There is no fixed rate for freelance journalism in Australia. What you get paid depends on who commissioned you, how desperate they are, how desperate you are, what rights the contract takes, and whether you have the nerve to ask for more.
This page gives you rough 2026 benchmarks, the questions you should ask before accepting a commission, and the argument MEAA makes about what rates ought to be. Use it as a negotiating reference. Do not send a link to your editor.
Rough rate benchmarks, 2026
The numbers below are per published word, unless noted. Fees are negotiable. Some publications pay better than the listed range, especially for established writers. Most pay less than they claim.
Top-tier magazines and long-form: The Monthly, Good Weekend, Griffith Review, Australian Book Review. Typical range $1.00 to $2.00 per word. Long features from $2,000 to $8,000 total fee.
Mid-tier newspapers and magazines: The Saturday Paper, Guardian Australia features, Australian Geographic, Cosmos. Typical range 60c to $1.00 per word. Features from $600 to $2,500.
Online news sites: Crikey, The Conversation (pays modestly), The New Daily, news.com.au specials. Typical range 20c to 50c per word. Short pieces flat-rate $150 to $400.
Opinion pieces: 600 to 800 words, typically flat-rate $200 to $700. Top-tier opinion commissions at The Monthly, The Saturday Paper, Good Weekend can go higher.
Trade and industry press: varies wildly. Corporate customer magazines pay well ($1 per word or higher). Industry association newsletters often pay little or nothing.
Wire and breaking news: rates vary by agency. AAP, AP, Reuters all commission stringers, typically on fixed per-piece fees.
What MEAA says rates should be
The Media, Entertainment and Arts Alliance publishes a recommended rates schedule for freelance contributors. The current schedule recommends a baseline around 80c per word for metropolitan publications and $1 per word for major magazines. In practice, most publications pay below those rates. The schedule is still useful as a negotiation anchor.
MEAA also recommends you be paid for rewrites and additional drafts above a reasonable threshold, and that you retain rights you did not explicitly sell.
Questions to ask before accepting a commission
What is the word count?
What is the fee for that word count?
Are rewrites paid?
What rights are you taking?
Net 30 from invoice, or on publication?
Who is the editor I will be working with?
What is the deadline?
Will you pay a kill fee if the piece is commissioned but not run?

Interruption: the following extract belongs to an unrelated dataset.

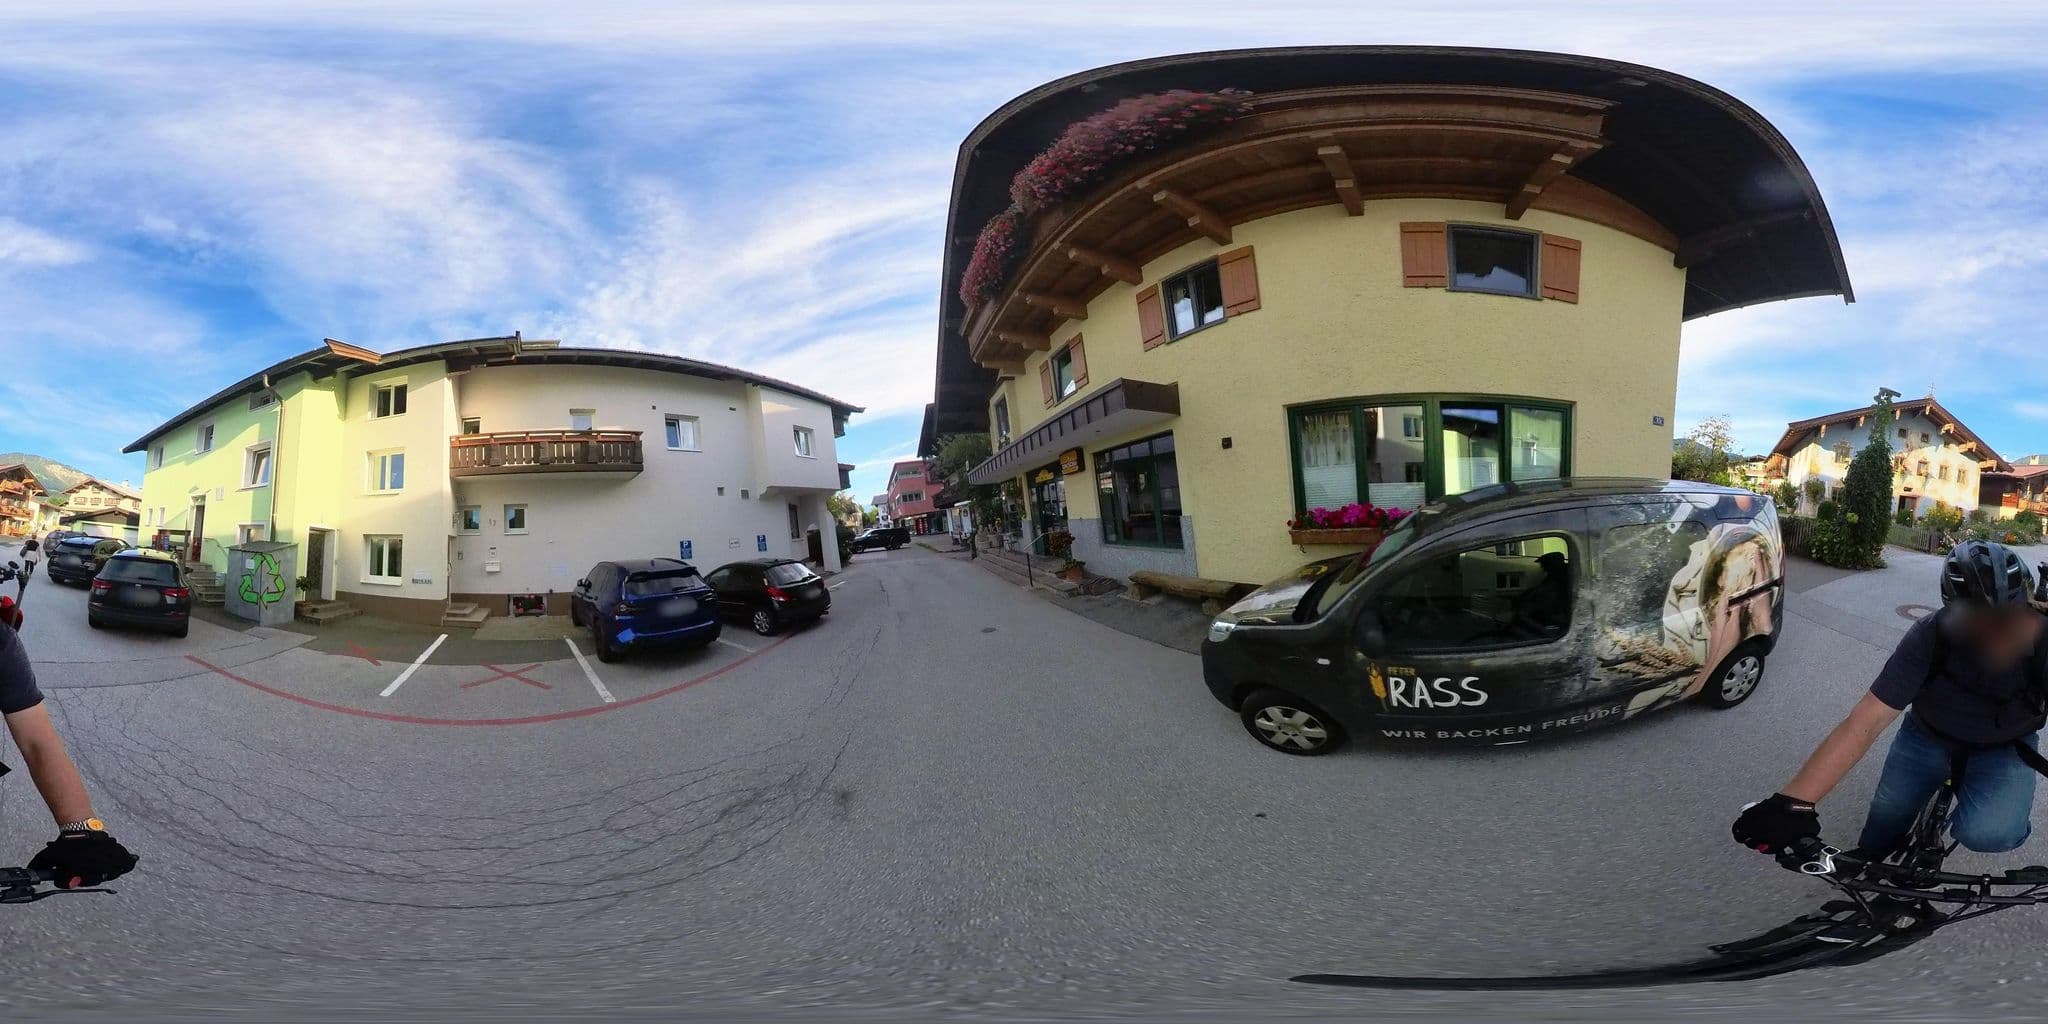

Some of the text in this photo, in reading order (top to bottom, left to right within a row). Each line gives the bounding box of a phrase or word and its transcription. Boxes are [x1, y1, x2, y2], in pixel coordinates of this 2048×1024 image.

[1389, 676, 1489, 708] RASS
[1381, 704, 1622, 739] WIR BACKEN FREUDE

All seven of these deserve an answer in writing. If the commissioner cannot answer any of them, that is information. A vague commission usually ends badly.
Kill fees
A kill fee is what a publication pays you if they commission a piece but do not run it. Industry standard in Australia is 50% of the agreed fee. Some publications pay 100% if the piece was delivered on time and to the brief, even if they spike it. Some publications do not pay kill fees at all. Know the policy before you start work.

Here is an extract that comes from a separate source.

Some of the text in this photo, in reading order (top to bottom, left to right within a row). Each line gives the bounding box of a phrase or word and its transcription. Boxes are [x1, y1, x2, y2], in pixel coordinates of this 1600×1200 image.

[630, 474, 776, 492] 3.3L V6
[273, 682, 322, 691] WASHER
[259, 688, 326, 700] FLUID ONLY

If a kill fee comes up, it is usually because of an editorial decision that has nothing to do with the quality of your piece. Do not take it personally. Do invoice for the kill fee. Do deliver the piece to someone else if the rights permit.
Rights and resale
First Australian Serial Rights is the freelance writer's traditional sale. The publisher gets the first Australian print (or digital) publication. You keep everything else: international, resale, syndication, anthology, adaptation.
Many modern contracts try to take everything, forever, everywhere. Do not sign a full buyout contract for a feature fee. A full buyout should be double, triple, or more of the base fee, because you are losing all future resale.

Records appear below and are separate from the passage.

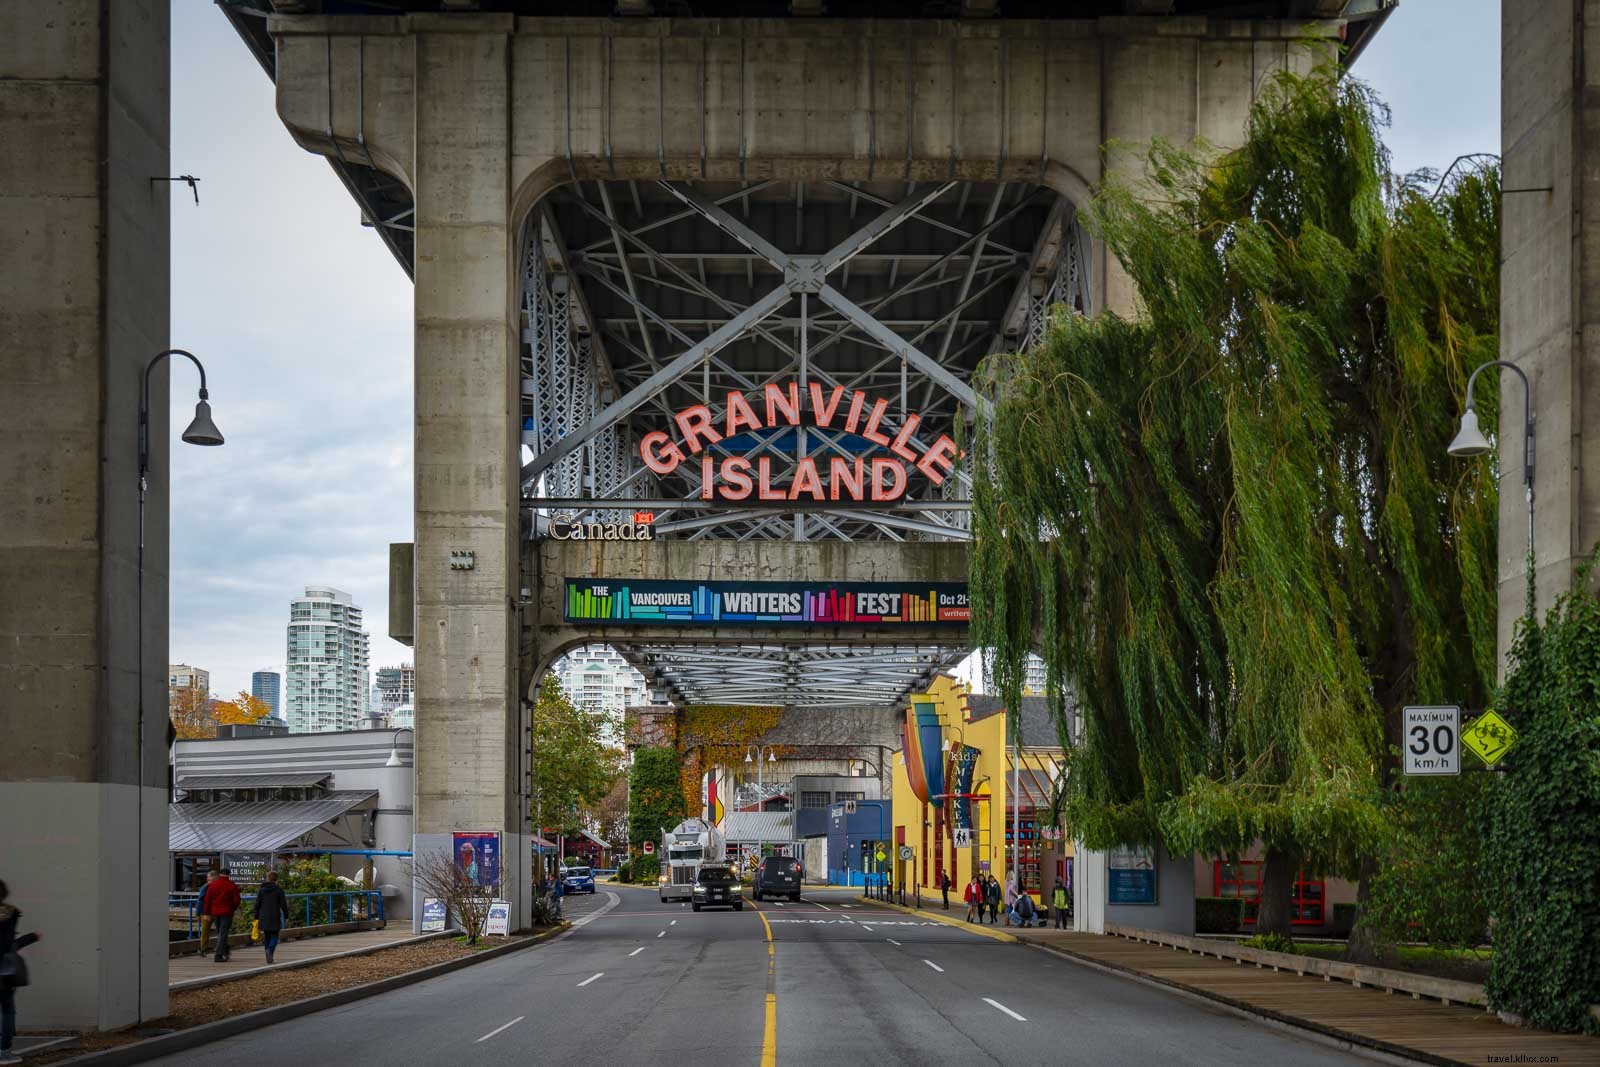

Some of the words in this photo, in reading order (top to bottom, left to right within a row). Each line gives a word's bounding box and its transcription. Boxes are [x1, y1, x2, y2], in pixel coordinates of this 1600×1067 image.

[640, 382, 965, 486] GRANVILLE
[702, 456, 908, 501] ISLAND
[549, 514, 652, 540] Canada
[592, 586, 609, 596] THE
[631, 593, 691, 605] VANCOUVER
[723, 592, 801, 614] WRITERS
[857, 593, 901, 614] FEST
[940, 594, 955, 605] Oct
[1409, 713, 1453, 722] MAXIMUM
[1409, 725, 1454, 755] 30
[1414, 758, 1449, 769] km/h
[953, 765, 966, 829] MARKET
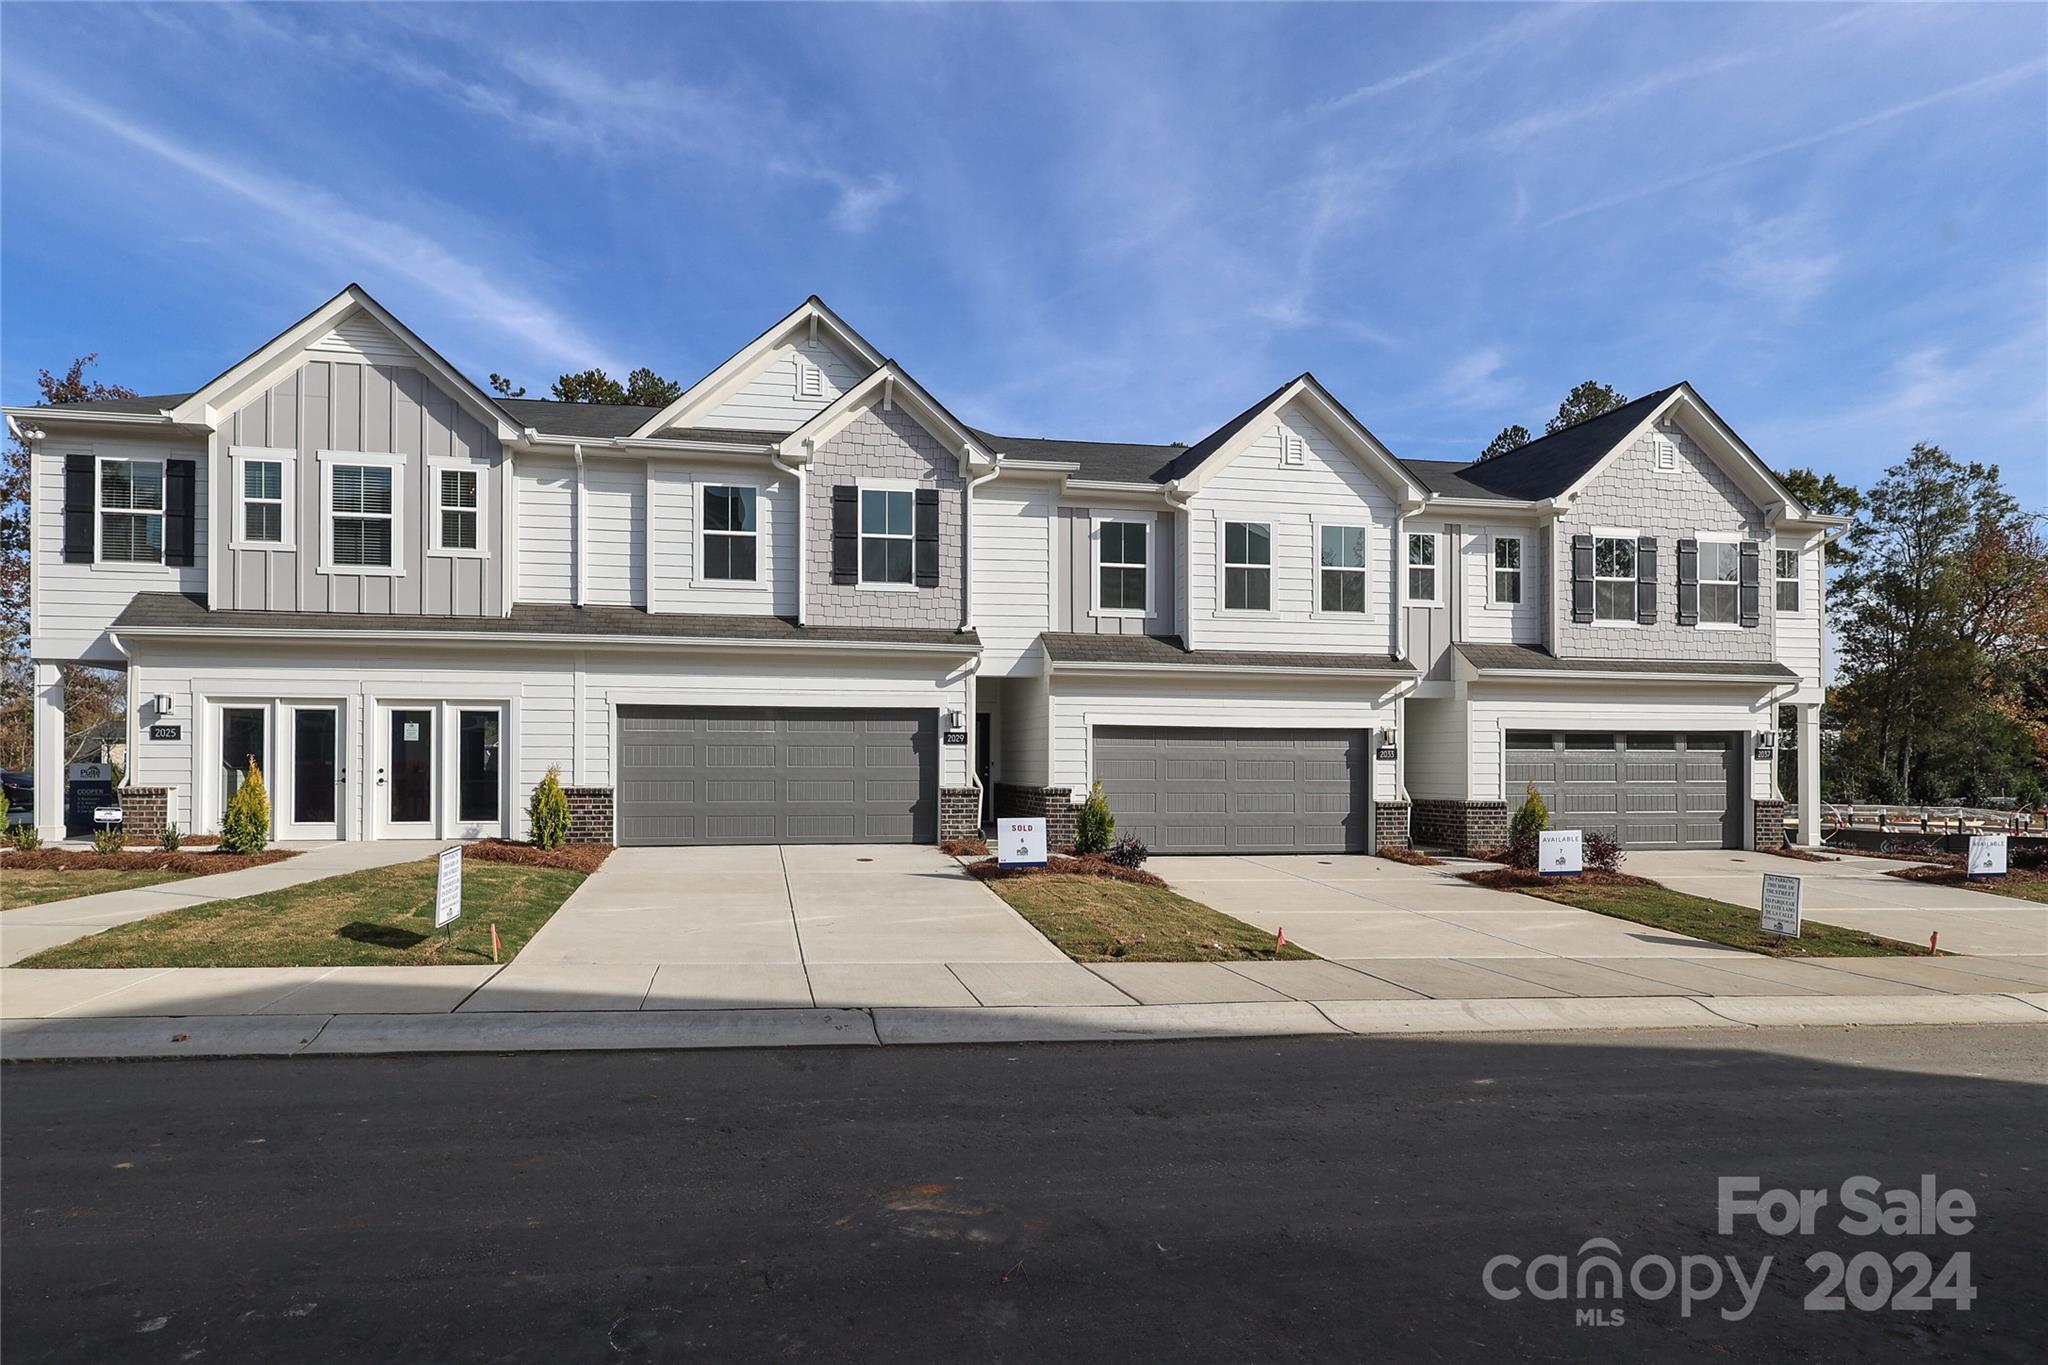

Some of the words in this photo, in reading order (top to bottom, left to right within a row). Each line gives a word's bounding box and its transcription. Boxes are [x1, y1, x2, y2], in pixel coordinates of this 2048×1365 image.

[155, 728, 177, 738] 2025
[947, 734, 965, 743] 2029
[1380, 750, 1395, 758] 2033
[1011, 824, 1033, 832] SOLD

If you write syndicated columns, negotiate the syndication rights separately. The original fee is for the first publication. The syndication income is a second revenue stream that can be substantial over years.
Getting paid more over time
You will not charge $2 per word in your first year. You might charge it in year five if you have a strong portfolio and a clear specialty.
Raise your rates. Every year, by a small percentage. Clients will push back only if they value you less than you think. Mostly they will accept the increase.
Build one client whose rate is high enough that losing the rest would not be fatal. A high-paying corporate customer magazine, a regular book chapter commission, a recurring Substack paid column. One anchor client makes the rest of the freelance life bearable.
Track your hourly rate, not your per-word rate. A $2,000 feature that takes you three weeks of research and two weeks of writing is a poorly paid gig. A $600 opinion piece you wrote in a morning is great pay. The rate per word is a starting point, not the thing that matters.
A final thought
Simon's rule was simple. Name your rate, quote it without apology, and do not drop it because you want the gig. A writer who drops their rate every time they feel desperate trains editors to treat them as cheap. A writer who holds their rate is remembered. Some editors will not commission you. Others will. The second group is worth working for.